Nishida Takeshi, Kinoshita Takahiro, Yamakawa Kazuma
Division of Trauma and Surgical Critical Care, Osaka General Medical Center, 3-1-56 Bandai-Higashi, Sumiyoshi-ku, Osaka, 558-8558 Japan.
J Intensive Care. 2017 Jan 20;5:5. doi: 10.1186/s40560-016-0201-0. eCollection 2017.

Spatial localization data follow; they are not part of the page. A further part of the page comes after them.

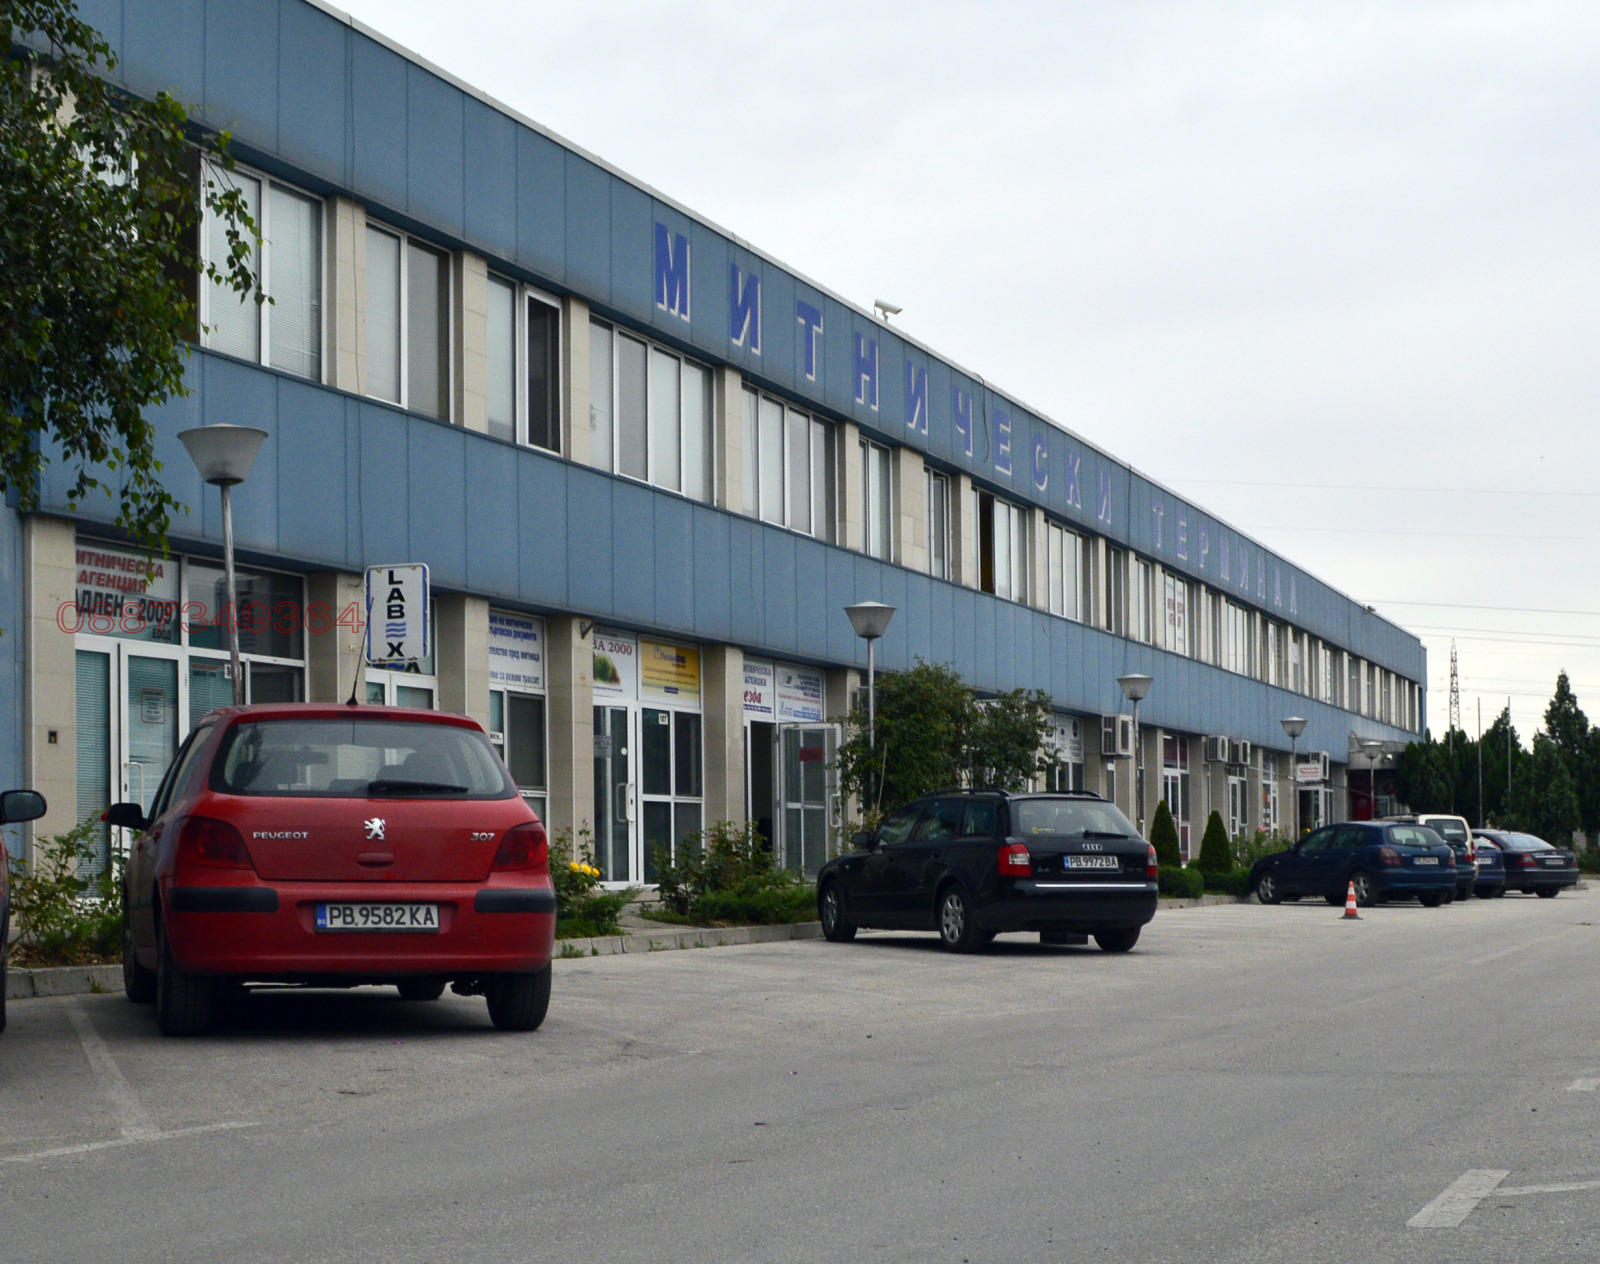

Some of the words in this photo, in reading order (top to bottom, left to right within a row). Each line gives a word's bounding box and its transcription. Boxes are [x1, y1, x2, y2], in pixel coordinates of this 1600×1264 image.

[654, 221, 1112, 525] МИТНИЧЕСКИ
[1151, 499, 1298, 615] ТЕРМИНАЛ
[78, 569, 149, 593] АГЕНЦИЯ
[608, 641, 632, 656] 2000
[253, 831, 309, 840] PEUGEOT
[470, 832, 495, 842] 307
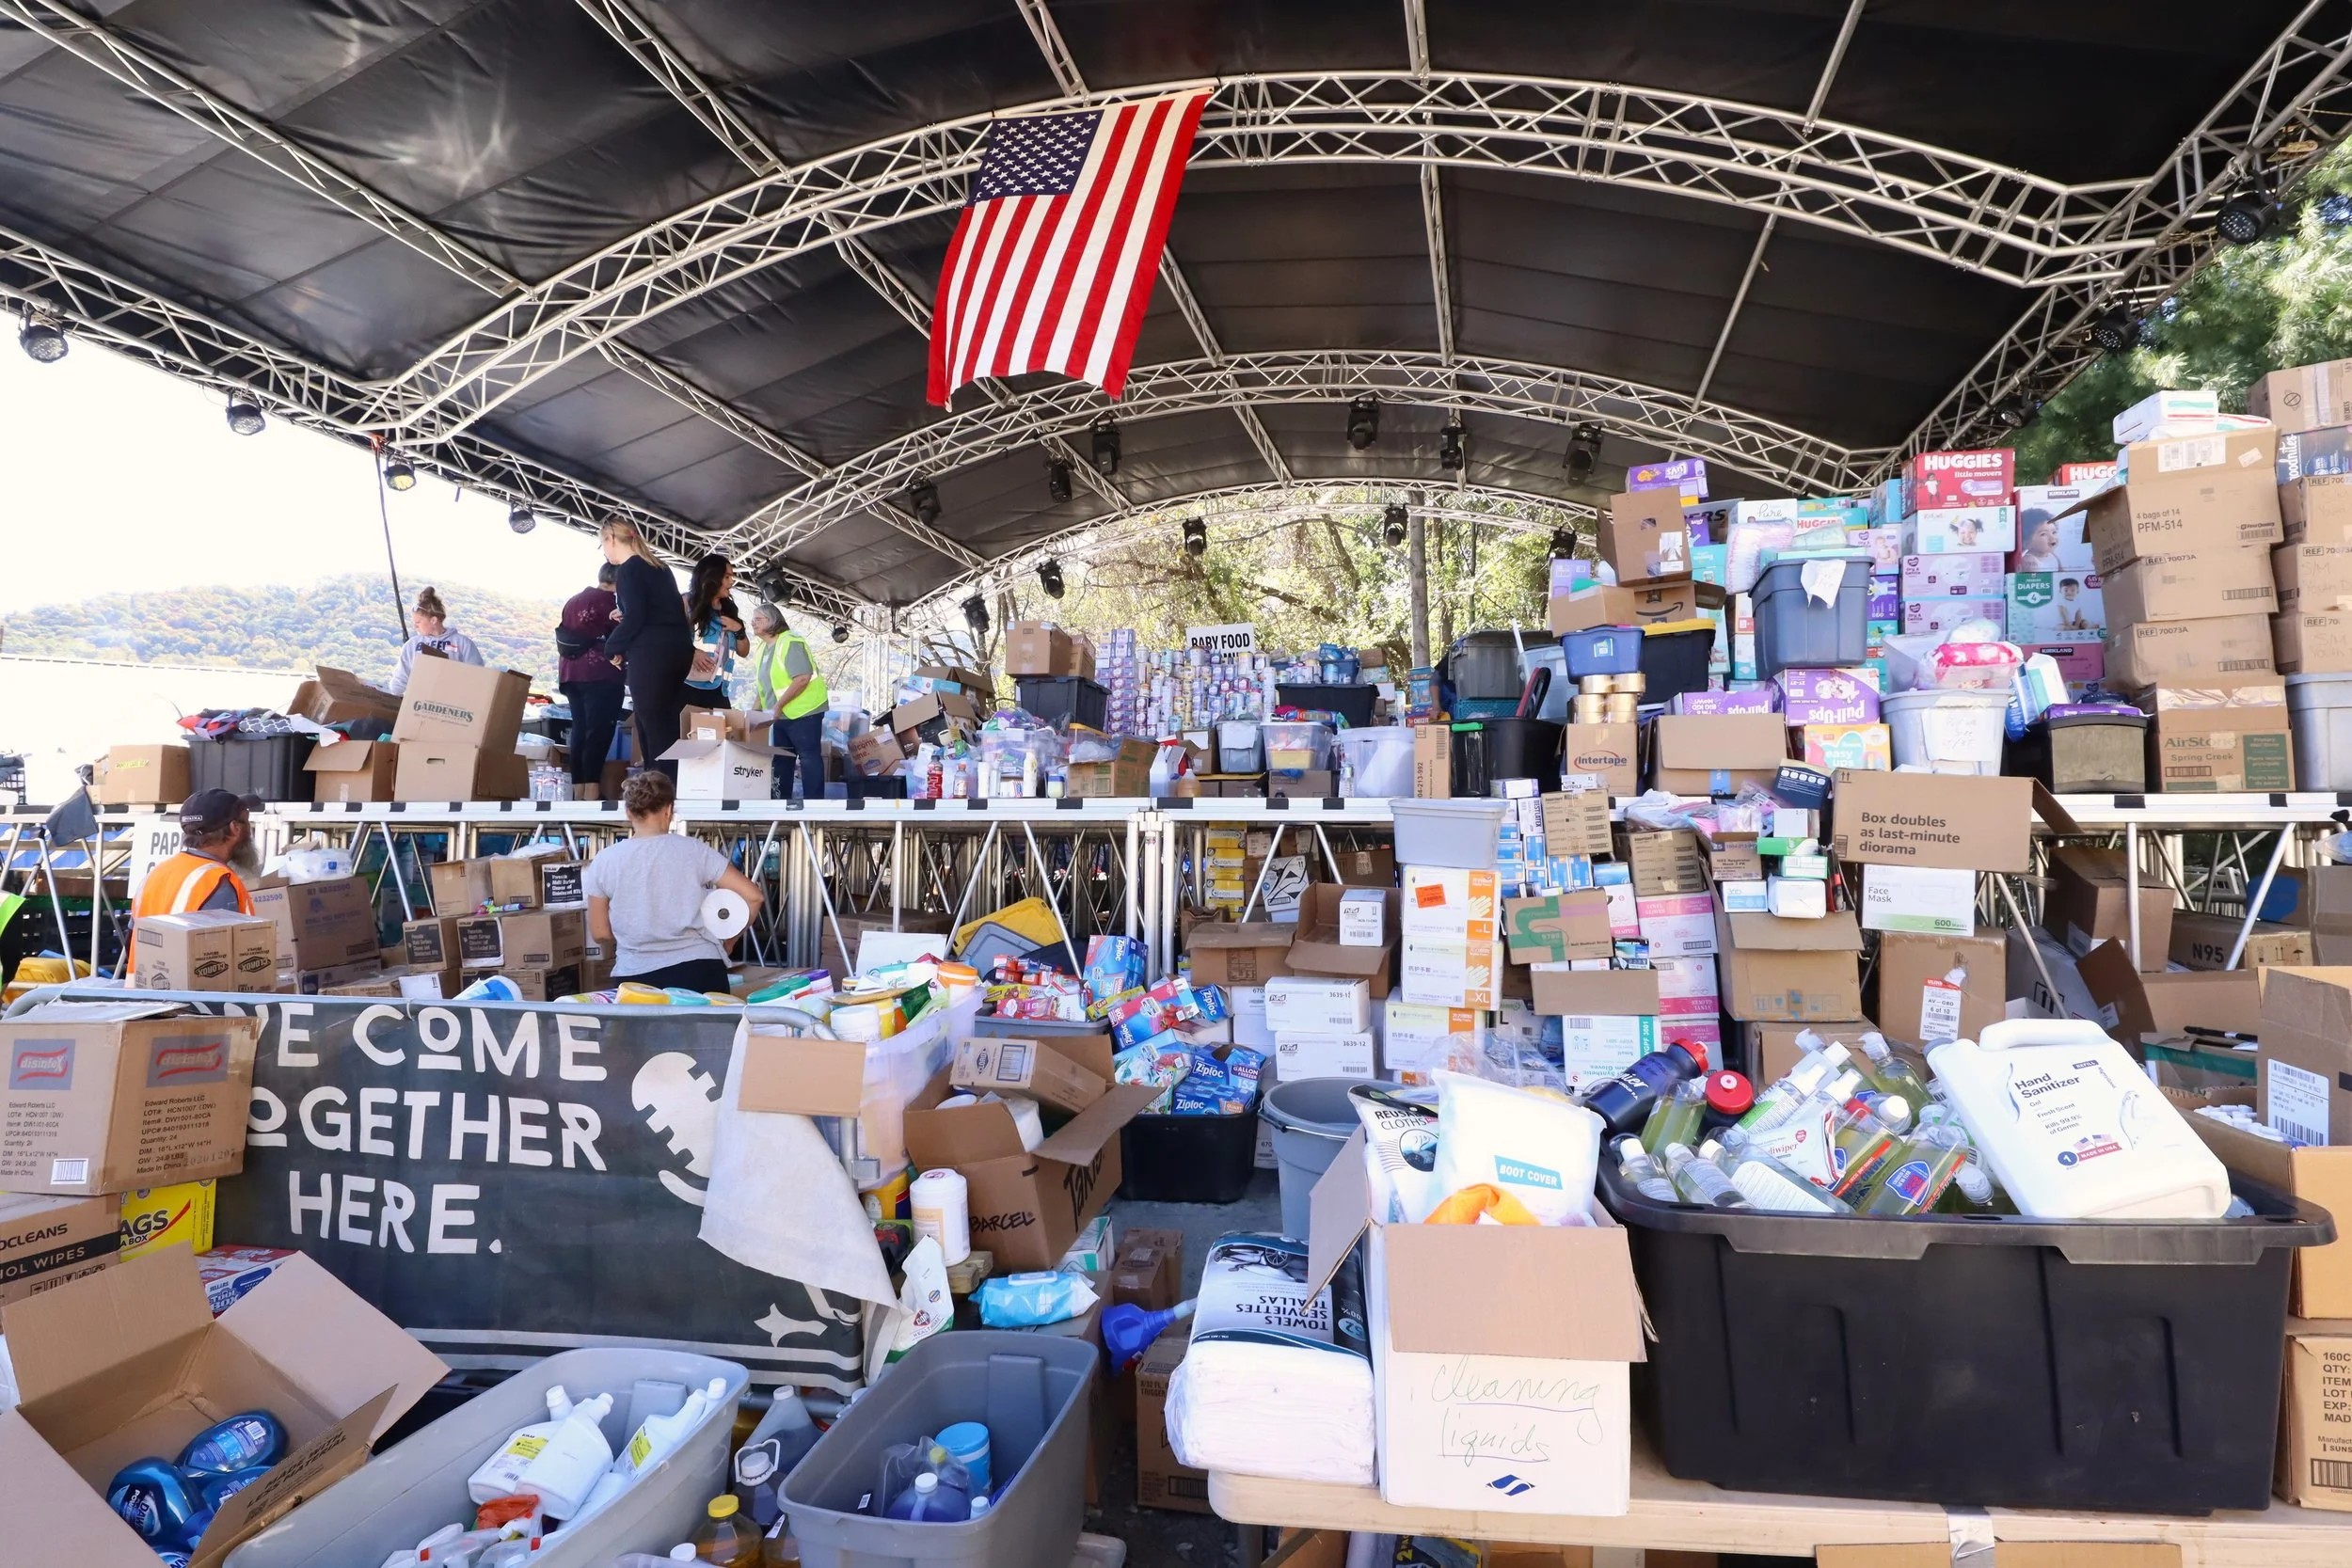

Tranexamic acid (TXA) is a synthetic derivative of the amino acid lysine that inhibits fibrinolysis by blocking the interaction of plasminogen with the lysine residues of fibrin. Historically, TXA is commonly used for reduction of blood loss in perioperative situations, while recently it has attracted attention for clinical use in the trauma field. In 2010, the Clinical Randomization of an Antifibrinolytic in Significant Hemorrhage 2 (CRASH-2) trial demonstrated that intravenous administration of TXA improved mortality significantly in trauma patients with significant bleeding. After the launch of its sensational results, the main stream treatment protocol in trauma changed worldwide to include TXA administration. In this review, first we summarize the recent evidence or recommendations in the related guidelines concerning TXA. Also, we next tried to explore in detail not only the benefits but also the harm introduced by TXA in trauma patients, because the main adverse event results for TXA, such as vascular occlusive events in the CRASH-2 trial, are still being discussed in several papers. Thus, we briefly summarized the evidence for the safety of TXA administration by a systematic review method using observational studies. Consequently, the pooled relative risk for venous thromboembolisms was 1.61 (95% CI, 0.86-3.01), indicating a non-significant increase in the venous thromboembolism risk of TXA therapy. Regarding the basic mechanism, TXA potentially possesses the risk of venous thromboembolisms, so it should be used cautiously and selectively. Further investigation is needed to delineate the optimal targeted trauma patients to earn the maximum survival benefits with minimized risk of thrombotic complications.
氨甲环酸(TXA)是氨基酸赖氨酸的合成衍生物,它通过阻断纤溶酶原与纤维蛋白赖氨酸残基的相互作用来抑制纤维蛋白溶解。从历史上看,TXA常用于减少围手术期的失血,而最近它在创伤领域的临床应用引起了关注。2010年,重大出血中抗纤溶药物的临床随机试验2(CRASH-2)表明,静脉注射TXA可显著提高严重出血创伤患者的生存率。在其惊人结果公布后,全球创伤的主流治疗方案改变为包括使用TXA。在本综述中,首先我们总结了相关指南中关于TXA的最新证据或建议。此外,接下来我们不仅试图详细探讨TXA给创伤患者带来的益处,还探讨其危害,因为关于TXA的主要不良事件结果,如CRASH-2试验中的血管闭塞事件,仍在多篇论文中讨论。因此,我们通过使用观察性研究的系统评价方法简要总结了TXA给药安全性的证据。结果显示,静脉血栓栓塞的合并相对风险为1.61(95%CI,0.86 - 3.01),表明TXA治疗的静脉血栓栓塞风险无显著增加。就基本机制而言,TXA潜在地具有静脉血栓栓塞的风险,因此应谨慎且有选择地使用。需要进一步研究以确定最佳的目标创伤患者,从而在使血栓形成并发症风险最小化的同时获得最大的生存益处。